[Extracted data entries]
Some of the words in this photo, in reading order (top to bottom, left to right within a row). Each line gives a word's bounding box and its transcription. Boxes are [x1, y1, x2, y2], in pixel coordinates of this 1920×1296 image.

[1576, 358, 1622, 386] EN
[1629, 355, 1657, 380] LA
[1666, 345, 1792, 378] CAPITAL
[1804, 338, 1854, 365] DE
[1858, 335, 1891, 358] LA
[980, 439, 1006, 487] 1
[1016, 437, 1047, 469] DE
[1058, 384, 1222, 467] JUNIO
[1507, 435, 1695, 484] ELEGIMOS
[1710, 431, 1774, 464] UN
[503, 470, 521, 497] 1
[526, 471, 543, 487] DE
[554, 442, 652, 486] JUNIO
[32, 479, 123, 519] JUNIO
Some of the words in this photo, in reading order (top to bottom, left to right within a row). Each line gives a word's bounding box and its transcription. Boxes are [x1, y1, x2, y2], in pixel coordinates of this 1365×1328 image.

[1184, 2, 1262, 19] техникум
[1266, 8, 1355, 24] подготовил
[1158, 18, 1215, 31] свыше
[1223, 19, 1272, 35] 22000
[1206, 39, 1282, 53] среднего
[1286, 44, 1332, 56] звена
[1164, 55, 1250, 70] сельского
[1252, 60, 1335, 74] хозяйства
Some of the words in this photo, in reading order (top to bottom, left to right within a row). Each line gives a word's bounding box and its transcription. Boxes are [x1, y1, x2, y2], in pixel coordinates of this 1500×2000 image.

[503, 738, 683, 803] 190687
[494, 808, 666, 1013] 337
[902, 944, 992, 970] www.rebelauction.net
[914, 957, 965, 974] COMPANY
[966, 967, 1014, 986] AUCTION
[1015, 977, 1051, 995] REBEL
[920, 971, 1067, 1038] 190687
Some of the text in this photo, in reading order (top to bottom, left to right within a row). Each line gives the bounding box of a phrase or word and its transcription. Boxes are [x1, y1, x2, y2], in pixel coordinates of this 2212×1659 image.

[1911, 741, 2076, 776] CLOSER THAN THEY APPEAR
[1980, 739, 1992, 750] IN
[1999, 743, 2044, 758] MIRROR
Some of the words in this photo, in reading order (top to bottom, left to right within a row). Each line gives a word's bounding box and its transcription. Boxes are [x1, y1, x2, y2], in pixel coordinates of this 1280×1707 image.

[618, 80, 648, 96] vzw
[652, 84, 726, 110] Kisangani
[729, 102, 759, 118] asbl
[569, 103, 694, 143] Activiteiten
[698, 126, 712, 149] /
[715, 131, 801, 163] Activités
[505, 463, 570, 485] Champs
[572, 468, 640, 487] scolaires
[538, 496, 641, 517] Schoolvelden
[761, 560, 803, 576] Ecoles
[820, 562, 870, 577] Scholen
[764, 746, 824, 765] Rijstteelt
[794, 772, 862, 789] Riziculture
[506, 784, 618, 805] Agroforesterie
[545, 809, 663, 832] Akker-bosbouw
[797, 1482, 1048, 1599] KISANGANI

Activity => What you write must match the records above line for line.

Result for this task =>
Some of the words in this photo, in reading order (top to bottom, left to right within a row). Each line gives a word's bounding box and its transcription. Boxes are [x1, y1, x2, y2], in pixel coordinates of this 1920×1296 image.

[1576, 358, 1622, 386] EN
[1629, 355, 1657, 380] LA
[1666, 345, 1792, 378] CAPITAL
[1804, 338, 1854, 365] DE
[1858, 335, 1891, 358] LA
[980, 439, 1006, 487] 1
[1016, 437, 1047, 469] DE
[1058, 384, 1222, 467] JUNIO
[1507, 435, 1695, 484] ELEGIMOS
[1710, 431, 1774, 464] UN
[503, 470, 521, 497] 1
[526, 471, 543, 487] DE
[554, 442, 652, 486] JUNIO
[32, 479, 123, 519] JUNIO
Some of the words in this photo, in reading order (top to bottom, left to right within a row). Each line gives a word's bounding box and its transcription. Boxes are [x1, y1, x2, y2], in pixel coordinates of this 1365×1328 image.

[1184, 2, 1262, 19] техникум
[1266, 8, 1355, 24] подготовил
[1158, 18, 1215, 31] свыше
[1223, 19, 1272, 35] 22000
[1206, 39, 1282, 53] среднего
[1286, 44, 1332, 56] звена
[1164, 55, 1250, 70] сельского
[1252, 60, 1335, 74] хозяйства
Some of the words in this photo, in reading order (top to bottom, left to right within a row). Each line gives a word's bounding box and its transcription. Boxes are [x1, y1, x2, y2], in pixel coordinates of this 1500×2000 image.

[503, 738, 683, 803] 190687
[494, 808, 666, 1013] 337
[902, 944, 992, 970] www.rebelauction.net
[914, 957, 965, 974] COMPANY
[966, 967, 1014, 986] AUCTION
[1015, 977, 1051, 995] REBEL
[920, 971, 1067, 1038] 190687
Some of the text in this photo, in reading order (top to bottom, left to right within a row). Each line gives the bounding box of a phrase or word and its transcription. Boxes are [x1, y1, x2, y2], in pixel coordinates of this 2212×1659 image.

[1911, 741, 2076, 776] CLOSER THAN THEY APPEAR
[1980, 739, 1992, 750] IN
[1999, 743, 2044, 758] MIRROR
Some of the words in this photo, in reading order (top to bottom, left to right within a row). Each line gives a word's bounding box and its transcription. Boxes are [x1, y1, x2, y2], in pixel coordinates of this 1280×1707 image.

[618, 80, 648, 96] vzw
[652, 84, 726, 110] Kisangani
[729, 102, 759, 118] asbl
[569, 103, 694, 143] Activiteiten
[698, 126, 712, 149] /
[715, 131, 801, 163] Activités
[505, 463, 570, 485] Champs
[572, 468, 640, 487] scolaires
[538, 496, 641, 517] Schoolvelden
[761, 560, 803, 576] Ecoles
[820, 562, 870, 577] Scholen
[764, 746, 824, 765] Rijstteelt
[794, 772, 862, 789] Riziculture
[506, 784, 618, 805] Agroforesterie
[545, 809, 663, 832] Akker-bosbouw
[797, 1482, 1048, 1599] KISANGANI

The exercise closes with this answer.